- Opening Delimiter -

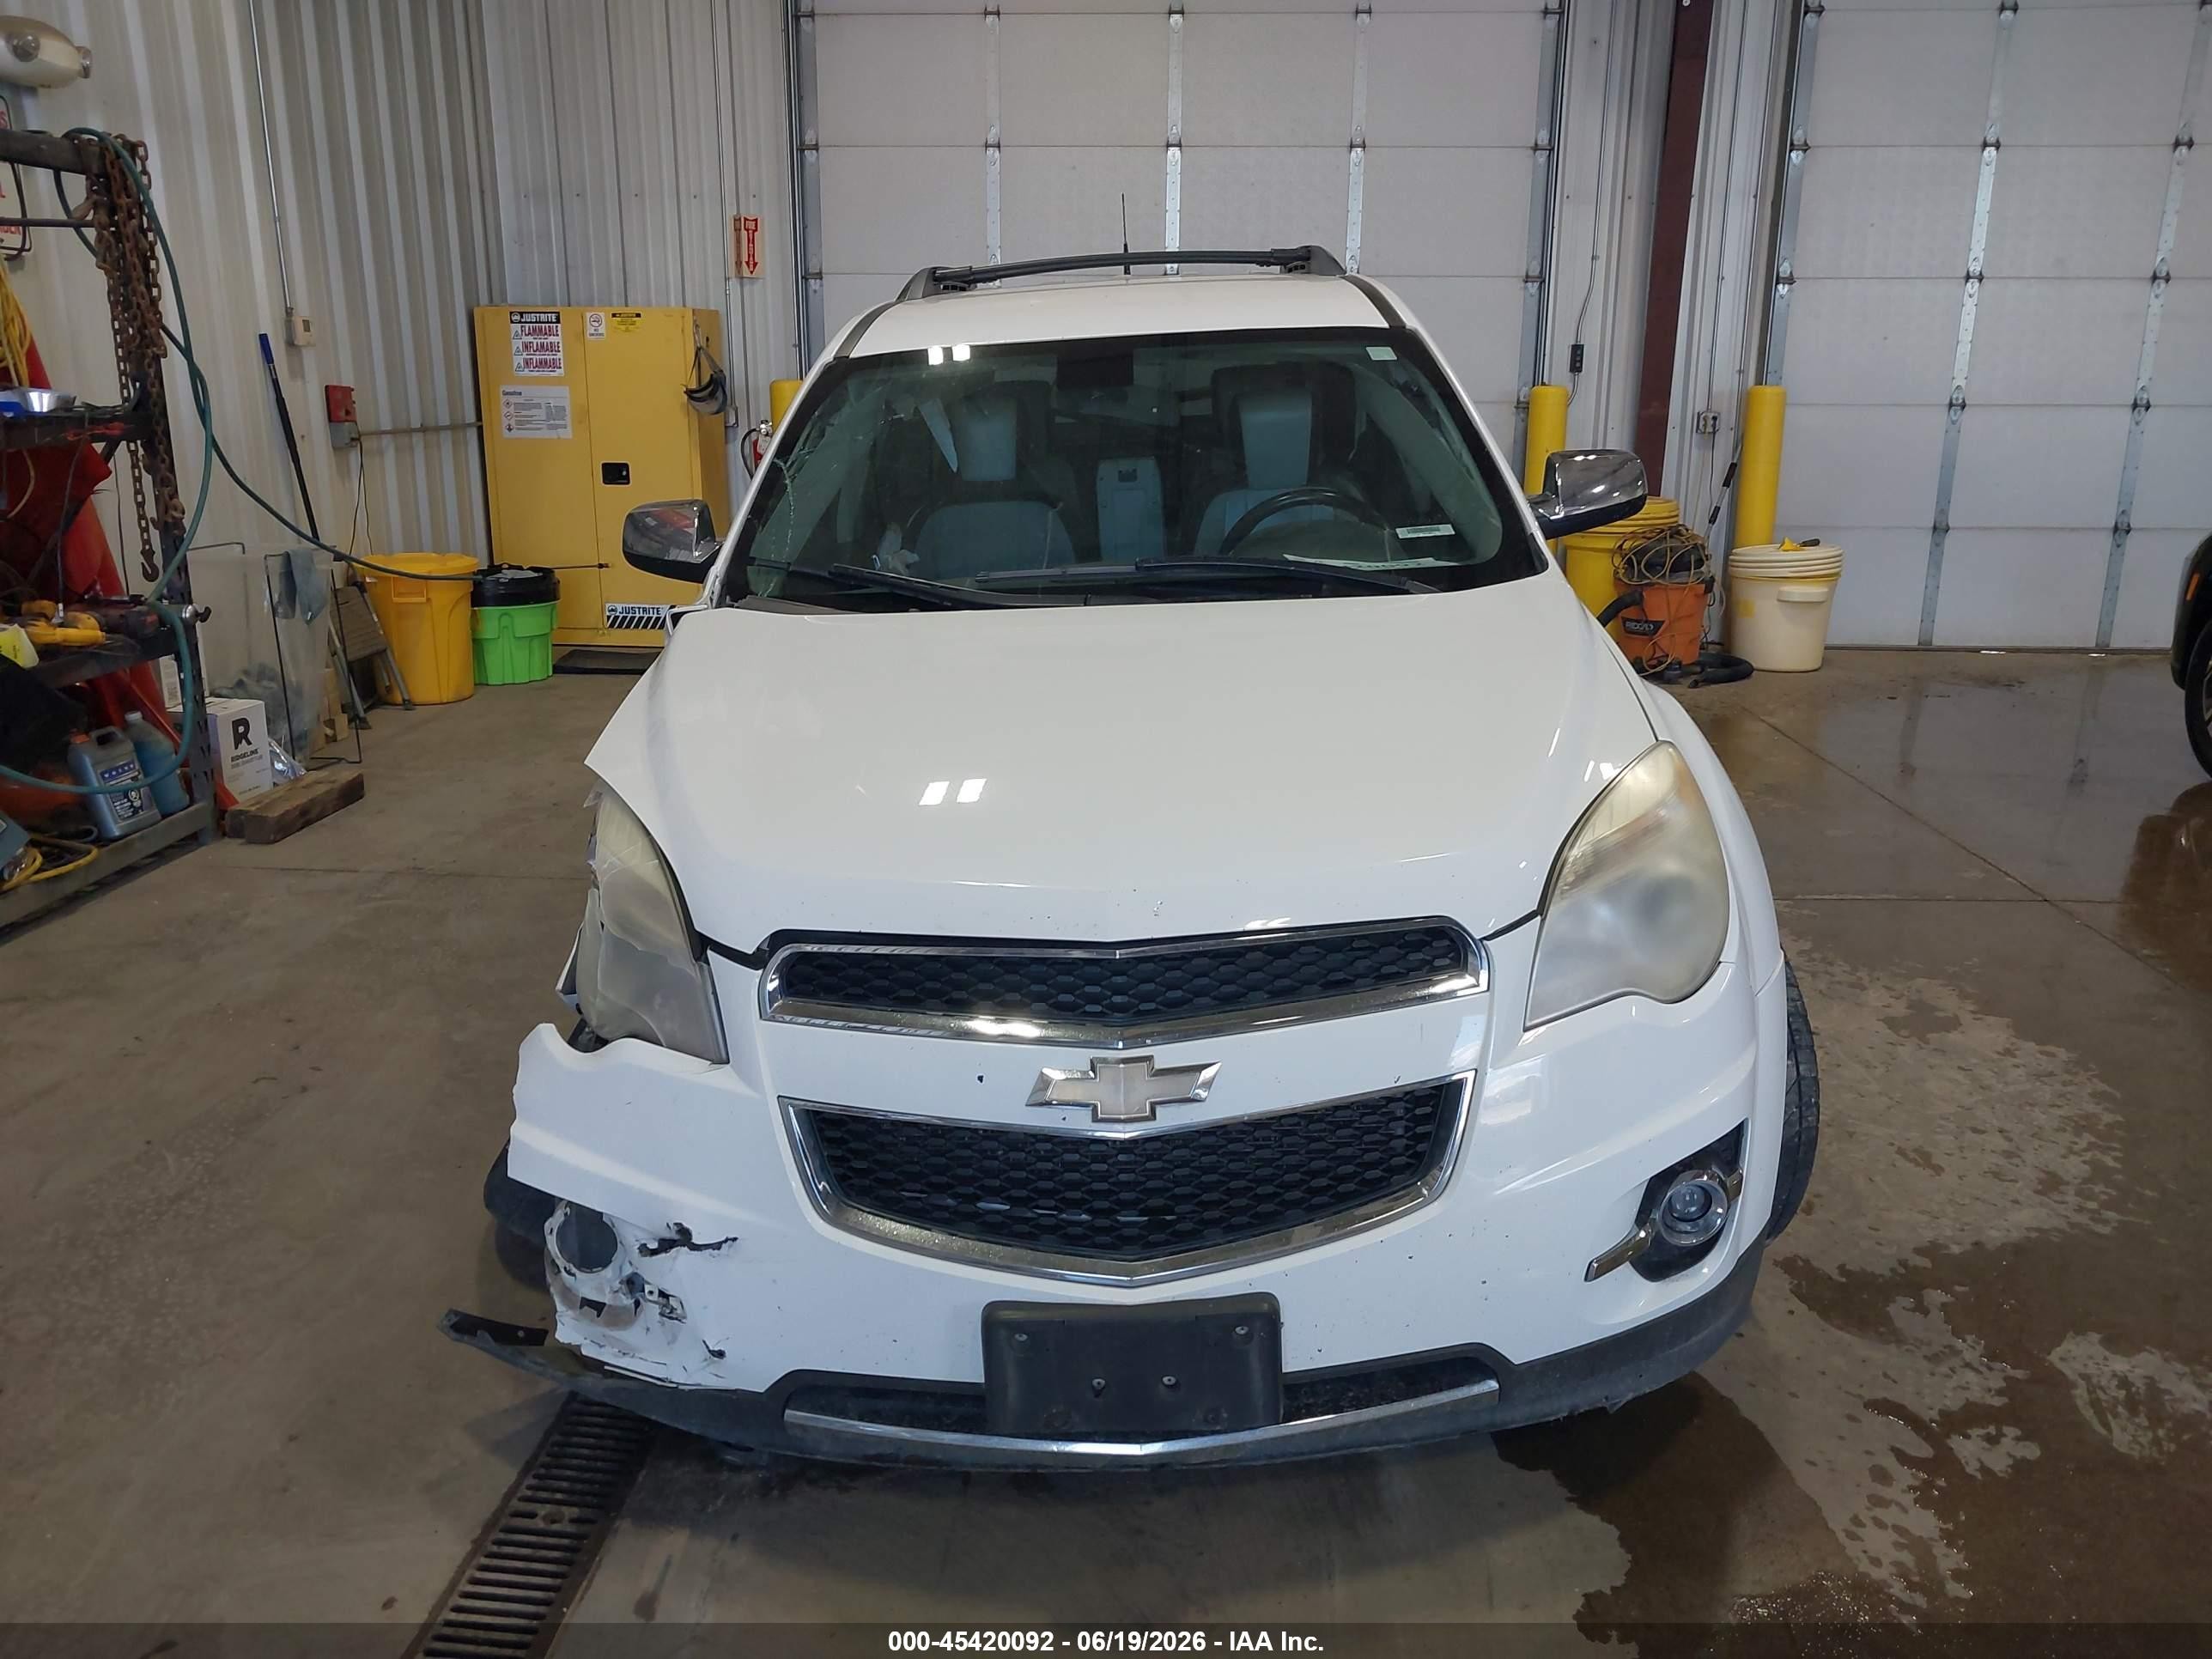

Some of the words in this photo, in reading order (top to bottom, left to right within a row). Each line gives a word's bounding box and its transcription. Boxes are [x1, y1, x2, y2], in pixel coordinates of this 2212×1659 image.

[520, 313, 557, 322] JUSTRITE
[520, 325, 559, 337] FLAMMABLE
[522, 341, 561, 353] INFLAMABLE
[523, 357, 562, 369] INFLAMMABLE
[619, 606, 660, 616] JUSTRITE
[232, 718, 252, 750] R

- Closing Delimiter -

[WORK ORDER]: With the images removed, give back every entry exactly as shown.

[THE COMPLETED TASK]:
Some of the words in this photo, in reading order (top to bottom, left to right within a row). Each line gives a word's bounding box and its transcription. Boxes are [x1, y1, x2, y2], in pixel coordinates of this 2212×1659 image.

[520, 313, 557, 322] JUSTRITE
[520, 325, 559, 337] FLAMMABLE
[522, 341, 561, 353] INFLAMABLE
[523, 357, 562, 369] INFLAMMABLE
[619, 606, 660, 616] JUSTRITE
[232, 718, 252, 750] R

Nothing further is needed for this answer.